» **Task to carry out**:
Please transcribe the line with "this 1593×1590 image." and the lines after it through the end of the listing below, keeping both ends and nothing more.

» **Records to process**:
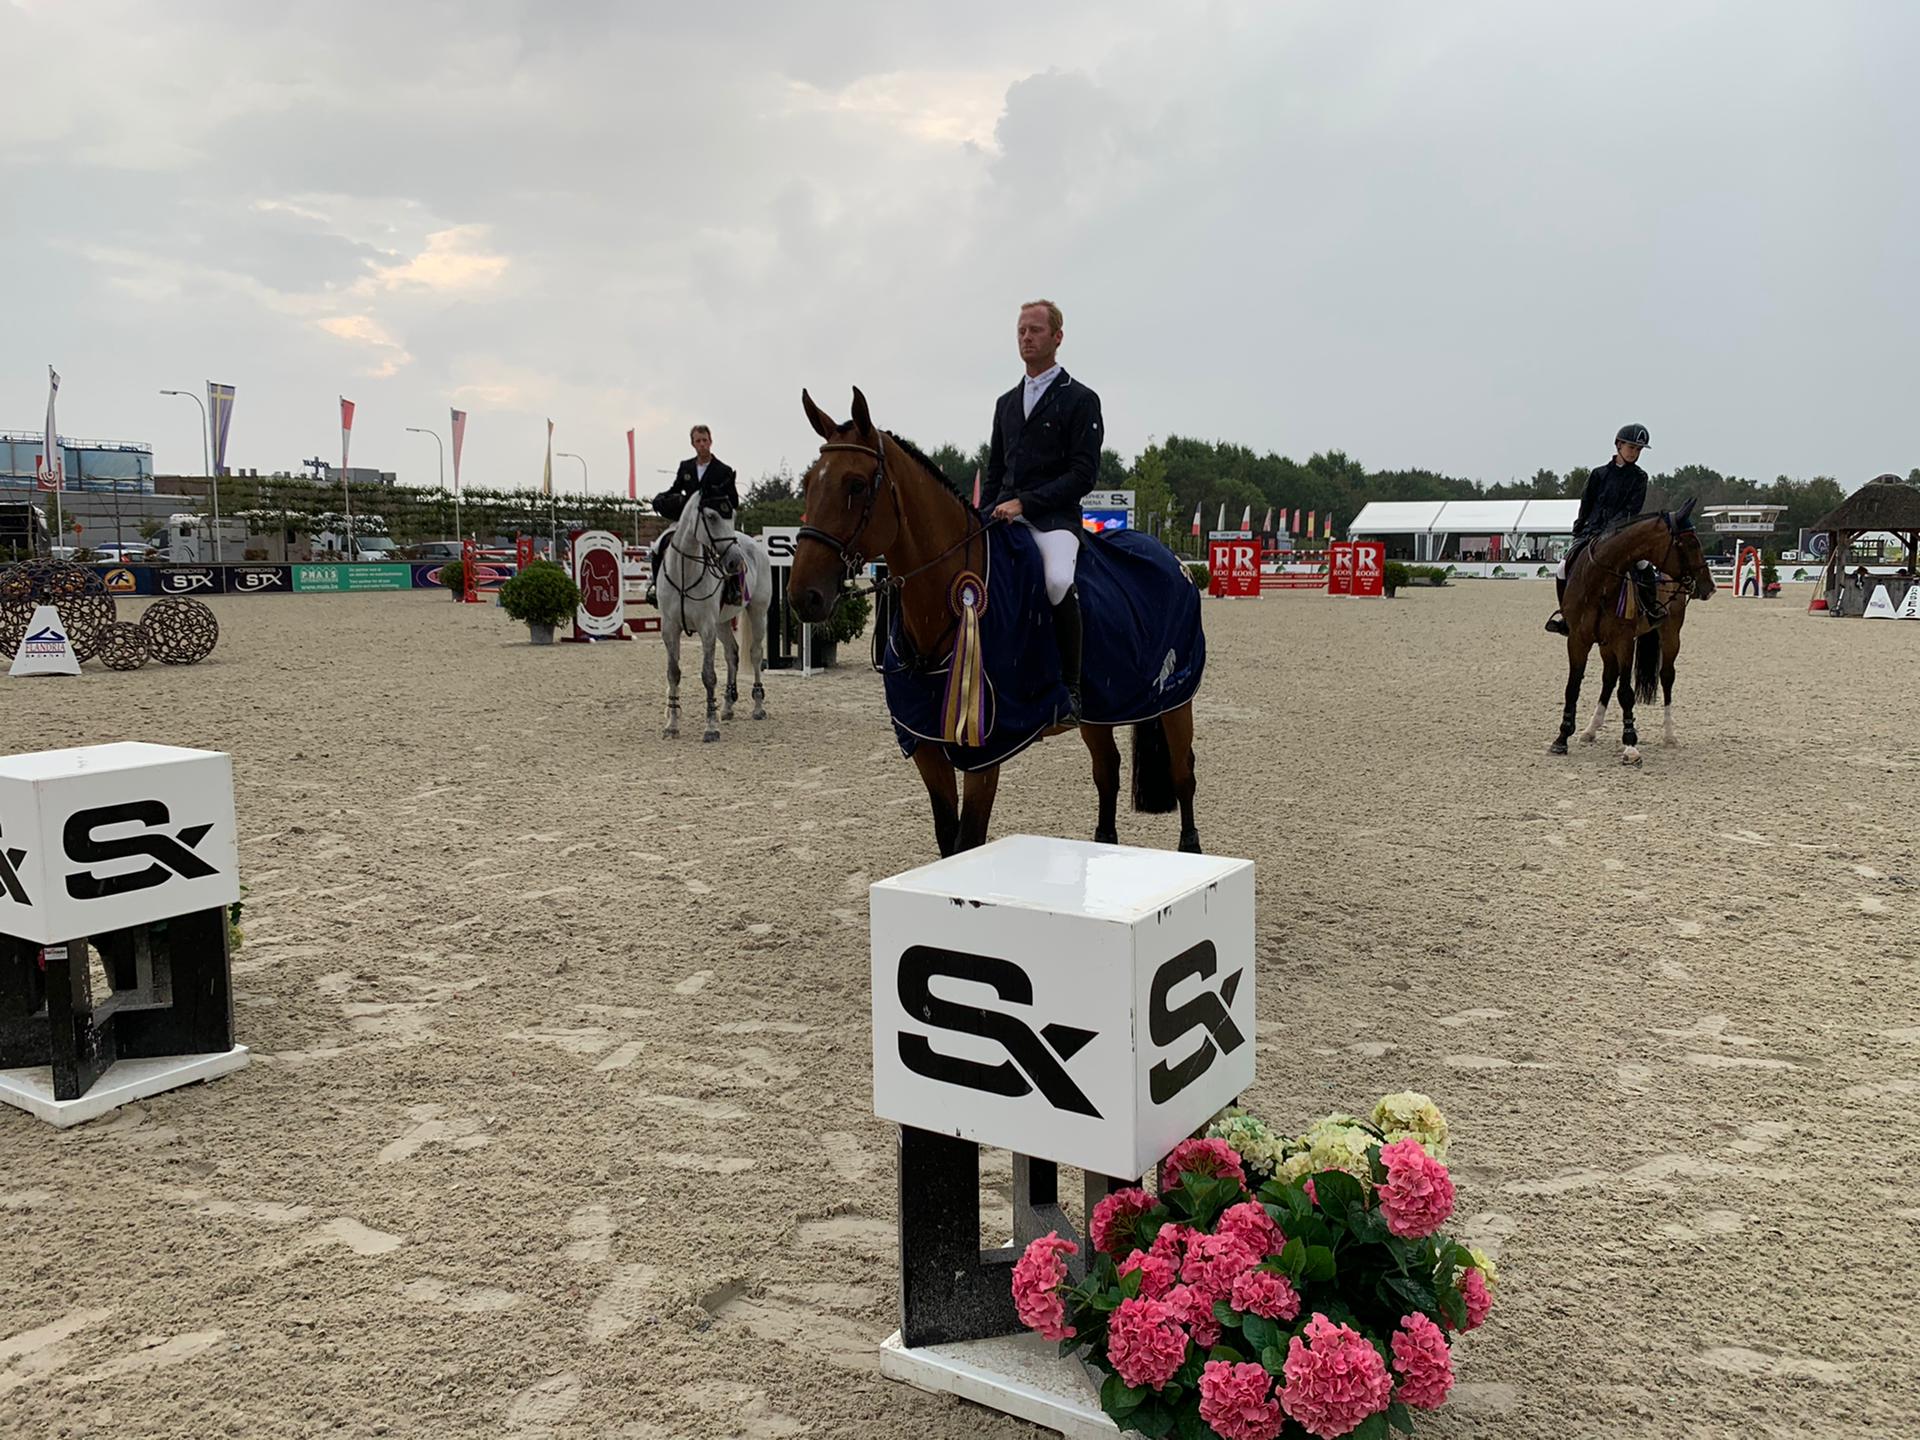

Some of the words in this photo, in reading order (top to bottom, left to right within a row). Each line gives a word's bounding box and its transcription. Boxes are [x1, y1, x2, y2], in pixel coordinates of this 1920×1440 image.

[1232, 547, 1255, 571] R
[1356, 547, 1378, 571] R
[172, 574, 214, 588] STX
[246, 574, 283, 586] STX
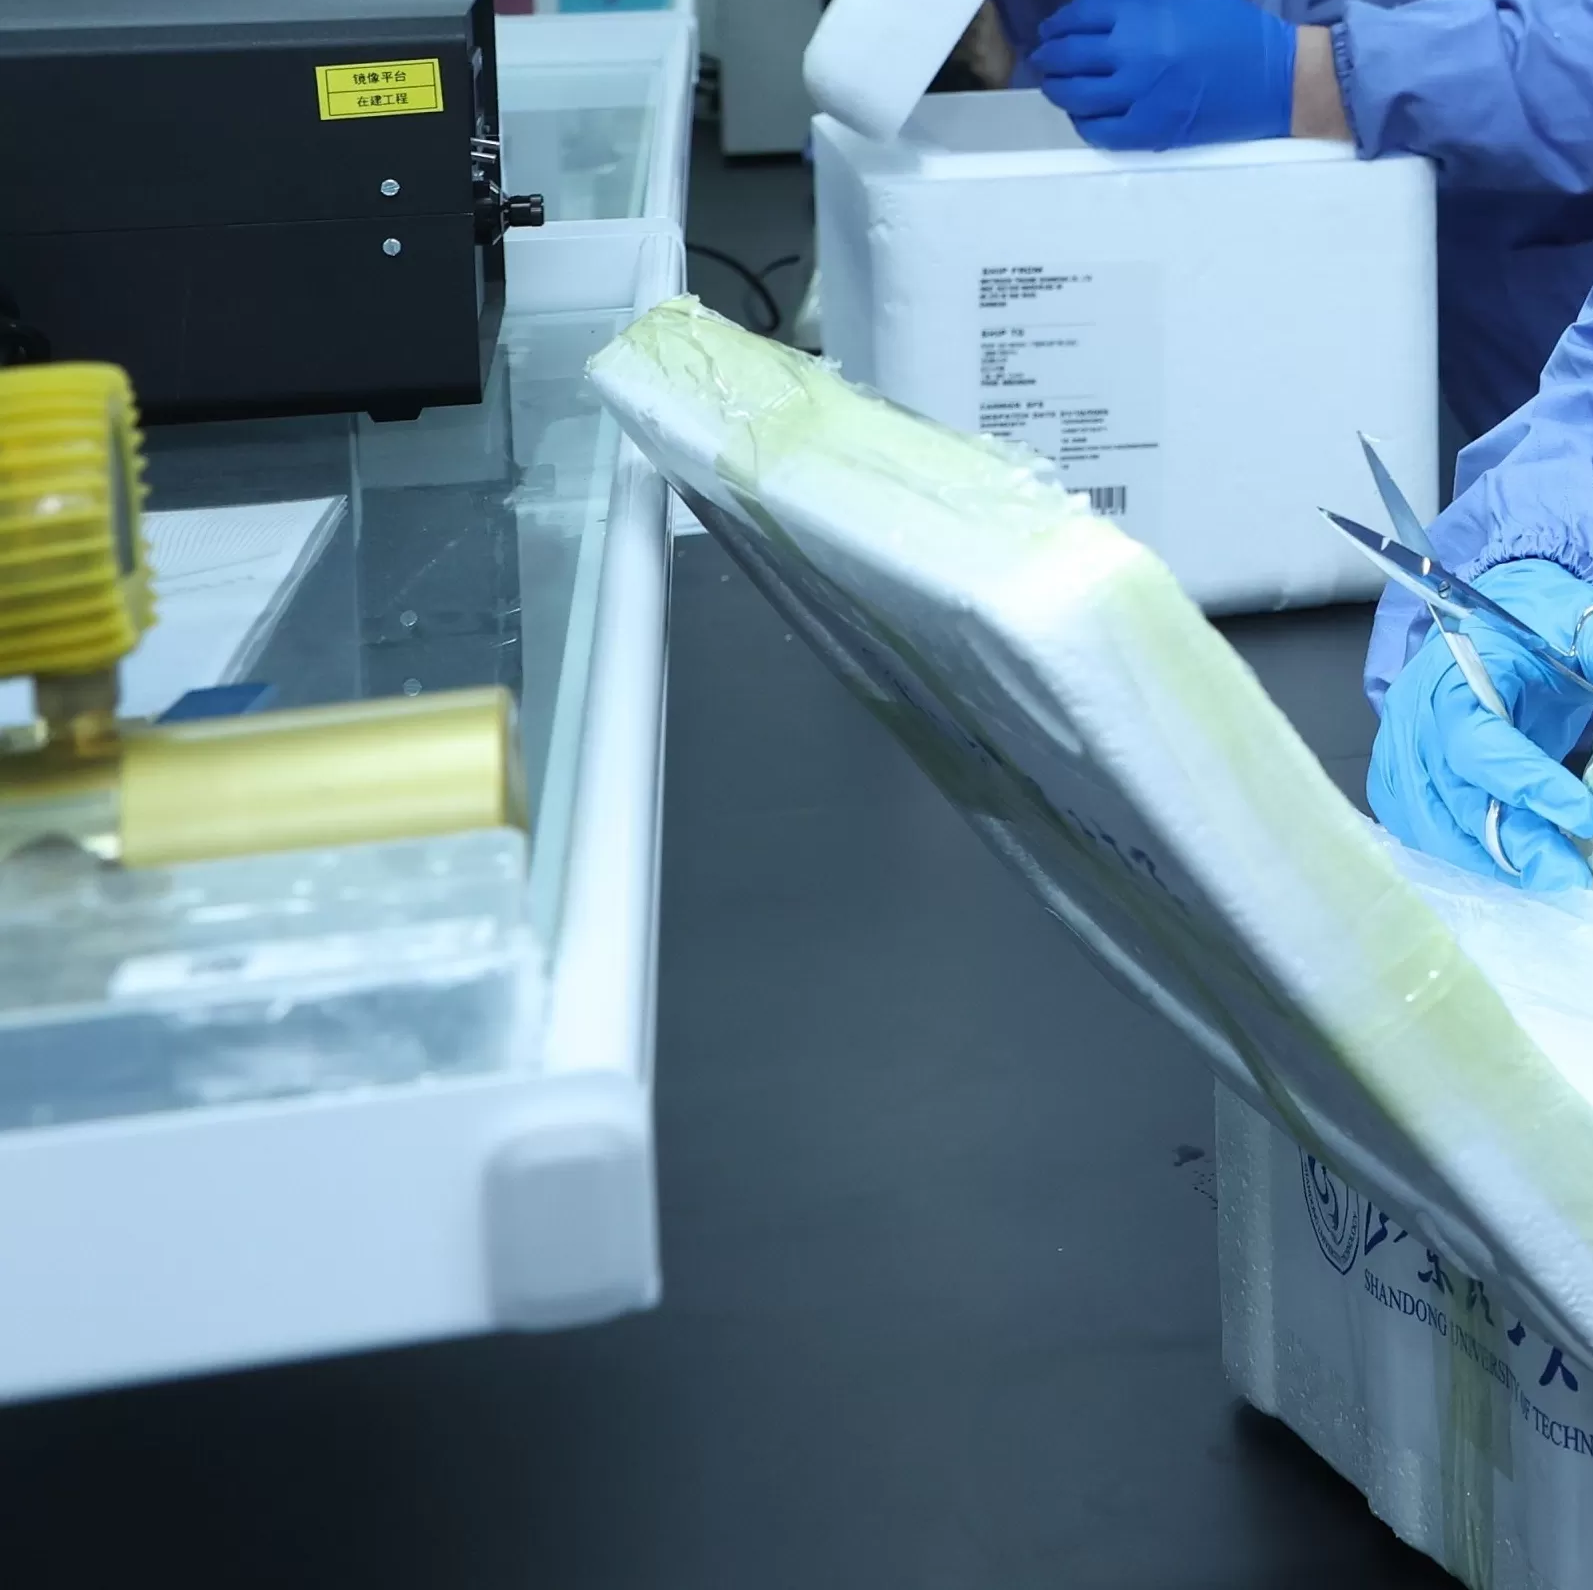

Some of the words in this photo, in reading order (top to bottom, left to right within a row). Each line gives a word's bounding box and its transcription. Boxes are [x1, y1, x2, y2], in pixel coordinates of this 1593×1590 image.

[352, 70, 407, 85] 镜像平台
[357, 93, 409, 108] 在建工程
[1364, 1268, 1448, 1337] SHANDONG
[1450, 1319, 1520, 1402] UNIVERSITY
[1520, 1389, 1531, 1420] OF

» **Finished exercise**:
Some of the words in this photo, in reading order (top to bottom, left to right within a row). Each line gives a word's bounding box and its transcription. Boxes are [x1, y1, x2, y2], in pixel coordinates of this 1593×1590 image.

[352, 70, 407, 85] 镜像平台
[357, 93, 409, 108] 在建工程
[1364, 1268, 1448, 1337] SHANDONG
[1450, 1319, 1520, 1402] UNIVERSITY
[1520, 1389, 1531, 1420] OF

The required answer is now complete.